Free-text object descriptions
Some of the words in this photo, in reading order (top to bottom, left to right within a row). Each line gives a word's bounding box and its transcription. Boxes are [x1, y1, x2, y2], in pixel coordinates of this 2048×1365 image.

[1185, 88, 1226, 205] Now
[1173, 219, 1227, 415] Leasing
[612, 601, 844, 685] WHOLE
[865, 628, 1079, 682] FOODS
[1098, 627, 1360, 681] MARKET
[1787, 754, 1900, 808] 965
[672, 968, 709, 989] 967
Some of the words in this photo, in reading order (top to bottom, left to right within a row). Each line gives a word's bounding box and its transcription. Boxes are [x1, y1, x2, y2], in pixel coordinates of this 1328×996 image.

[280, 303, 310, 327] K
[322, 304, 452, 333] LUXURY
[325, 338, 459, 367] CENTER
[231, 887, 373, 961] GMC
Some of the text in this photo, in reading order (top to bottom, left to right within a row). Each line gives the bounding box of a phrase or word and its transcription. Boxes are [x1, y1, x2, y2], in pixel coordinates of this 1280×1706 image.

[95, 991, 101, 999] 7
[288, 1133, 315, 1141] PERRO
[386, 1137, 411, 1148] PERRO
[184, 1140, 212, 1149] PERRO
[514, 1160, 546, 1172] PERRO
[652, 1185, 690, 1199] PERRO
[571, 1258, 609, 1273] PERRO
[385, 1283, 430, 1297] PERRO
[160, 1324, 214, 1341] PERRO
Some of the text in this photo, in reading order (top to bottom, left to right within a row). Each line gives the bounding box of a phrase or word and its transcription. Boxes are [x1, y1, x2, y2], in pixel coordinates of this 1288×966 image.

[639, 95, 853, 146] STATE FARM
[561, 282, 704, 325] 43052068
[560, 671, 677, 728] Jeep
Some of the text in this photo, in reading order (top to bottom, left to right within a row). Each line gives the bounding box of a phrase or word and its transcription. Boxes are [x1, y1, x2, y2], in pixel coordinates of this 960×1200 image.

**Exercise description**
Extract the data exactly as given.

**Solution to the exercise**
Some of the words in this photo, in reading order (top to bottom, left to right within a row). Each line gives a word's bounding box and its transcription. Boxes are [x1, y1, x2, y2], in pixel coordinates of this 2048×1365 image.

[1185, 88, 1226, 205] Now
[1173, 219, 1227, 415] Leasing
[612, 601, 844, 685] WHOLE
[865, 628, 1079, 682] FOODS
[1098, 627, 1360, 681] MARKET
[1787, 754, 1900, 808] 965
[672, 968, 709, 989] 967
Some of the words in this photo, in reading order (top to bottom, left to right within a row). Each line gives a word's bounding box and its transcription. Boxes are [x1, y1, x2, y2], in pixel coordinates of this 1328×996 image.

[280, 303, 310, 327] K
[322, 304, 452, 333] LUXURY
[325, 338, 459, 367] CENTER
[231, 887, 373, 961] GMC
Some of the text in this photo, in reading order (top to bottom, left to right within a row). Each line gives the bounding box of a phrase or word and its transcription. Boxes are [x1, y1, x2, y2], in pixel coordinates of this 1280×1706 image.

[95, 991, 101, 999] 7
[288, 1133, 315, 1141] PERRO
[386, 1137, 411, 1148] PERRO
[184, 1140, 212, 1149] PERRO
[514, 1160, 546, 1172] PERRO
[652, 1185, 690, 1199] PERRO
[571, 1258, 609, 1273] PERRO
[385, 1283, 430, 1297] PERRO
[160, 1324, 214, 1341] PERRO
Some of the text in this photo, in reading order (top to bottom, left to right within a row). Each line gives the bounding box of a phrase or word and its transcription. Boxes are [x1, y1, x2, y2], in pixel coordinates of this 1288×966 image.

[639, 95, 853, 146] STATE FARM
[561, 282, 704, 325] 43052068
[560, 671, 677, 728] Jeep
Some of the text in this photo, in reading order (top to bottom, left to right within a row). Each line gives the bounding box of a phrase or word and its transcription. Boxes are [x1, y1, x2, y2], in pixel coordinates of this 960×1200 image.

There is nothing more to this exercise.